[Records from a data collection]
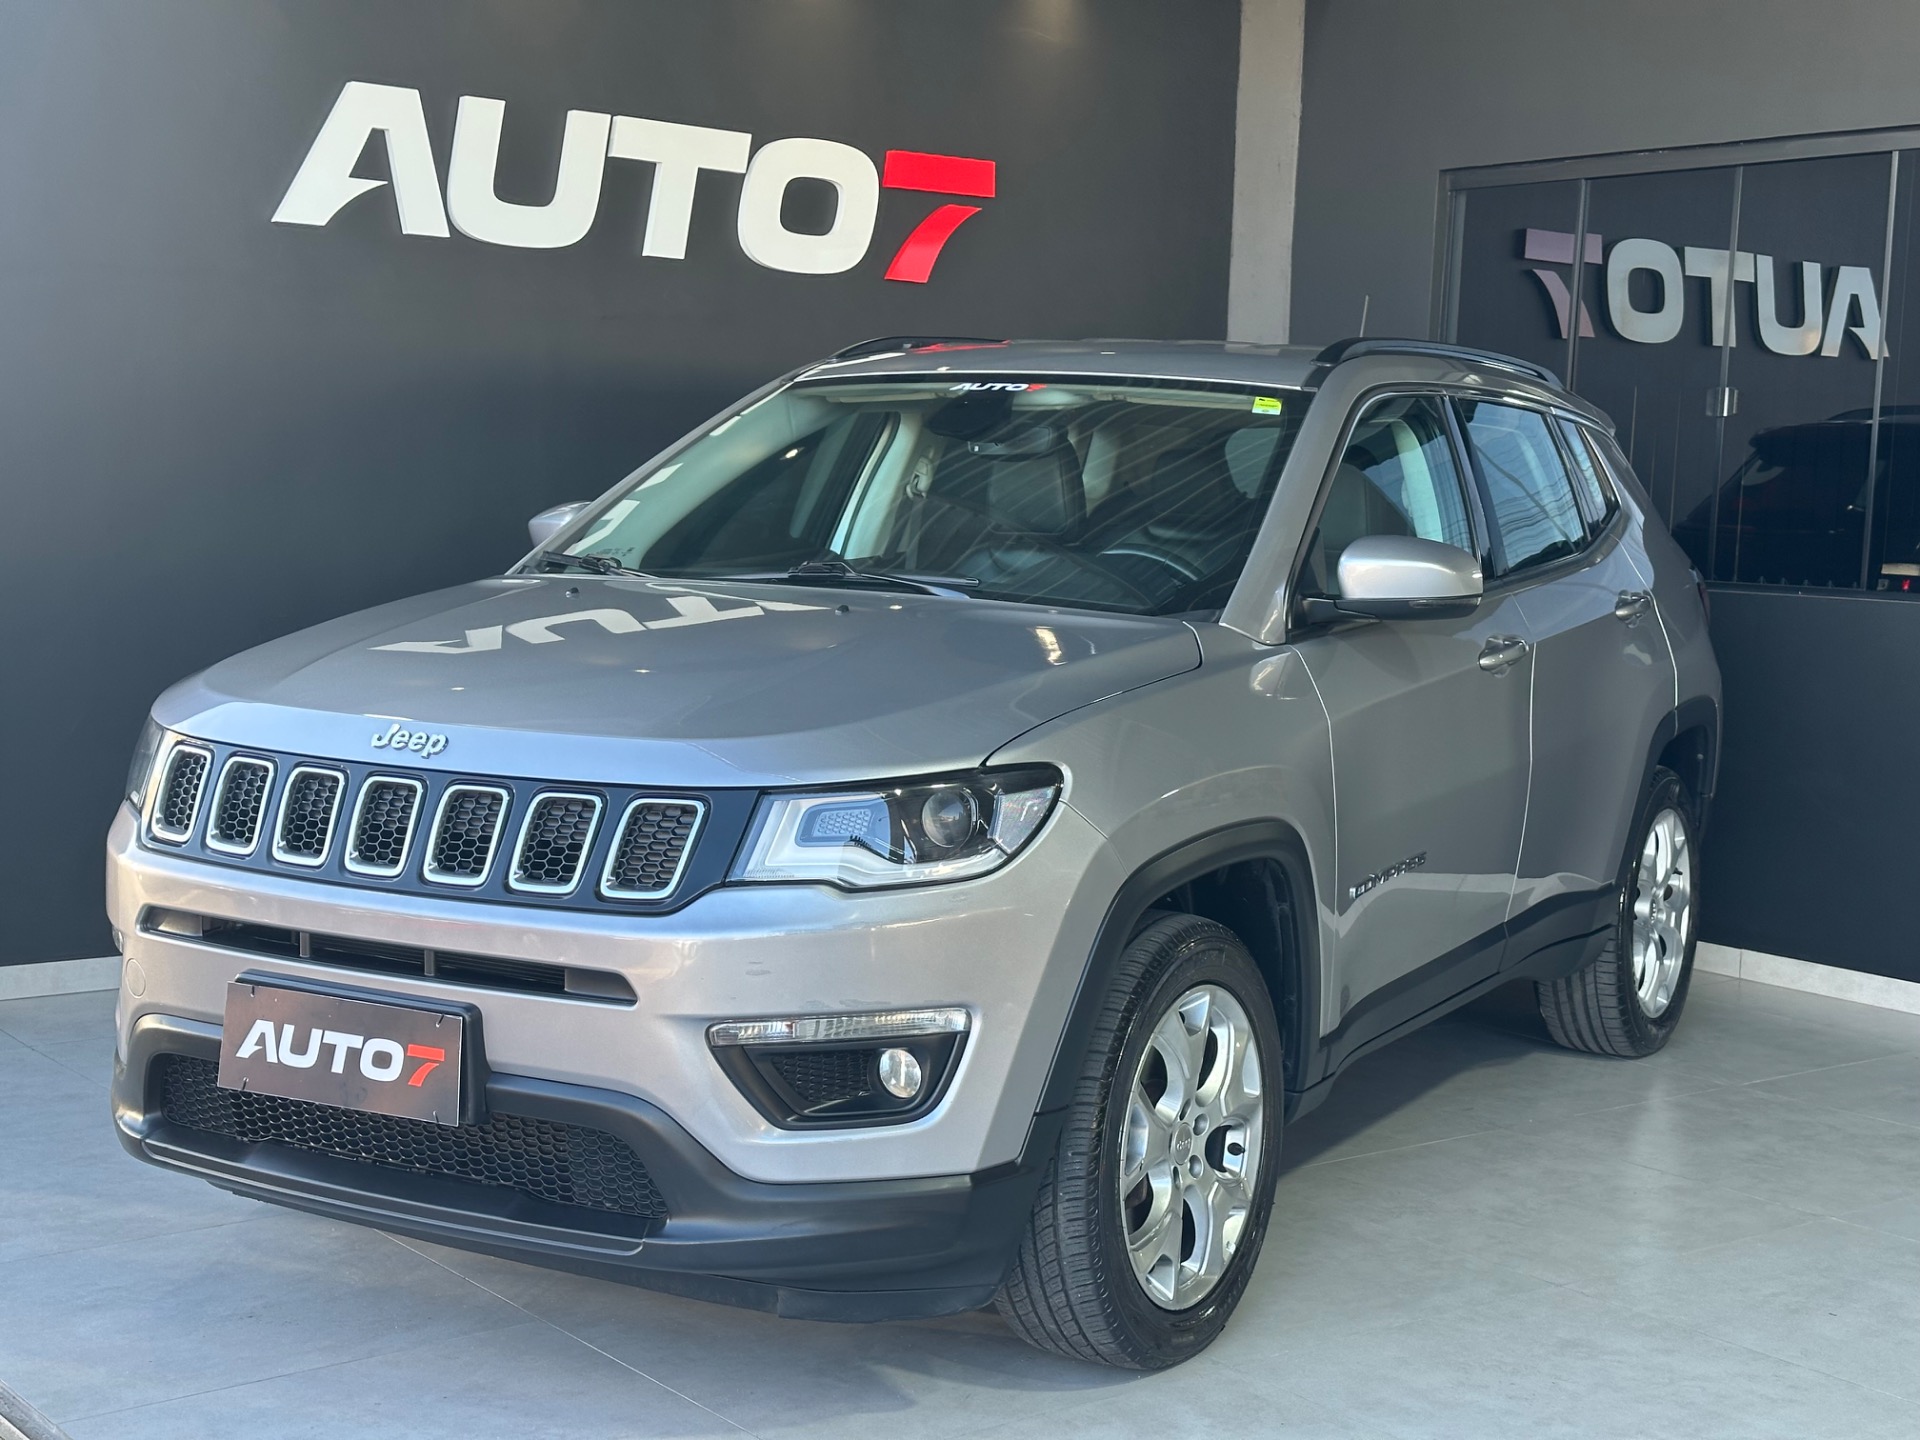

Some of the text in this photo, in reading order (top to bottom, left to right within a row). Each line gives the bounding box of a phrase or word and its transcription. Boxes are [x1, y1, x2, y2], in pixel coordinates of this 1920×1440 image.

[271, 80, 996, 284] AUTO7
[949, 382, 1048, 393] AUTO7
[370, 723, 450, 760] Jeep
[235, 1019, 445, 1088] AUTO7

» **DIRECTIONS**
Pictures are to be omitted; otherwise, write out the data exactly as it appears.

» **ANSWER TO THE EXERCISE**
Some of the text in this photo, in reading order (top to bottom, left to right within a row). Each line gives the bounding box of a phrase or word and its transcription. Boxes are [x1, y1, x2, y2], in pixel coordinates of this 1920×1440 image.

[271, 80, 996, 284] AUTO7
[949, 382, 1048, 393] AUTO7
[370, 723, 450, 760] Jeep
[235, 1019, 445, 1088] AUTO7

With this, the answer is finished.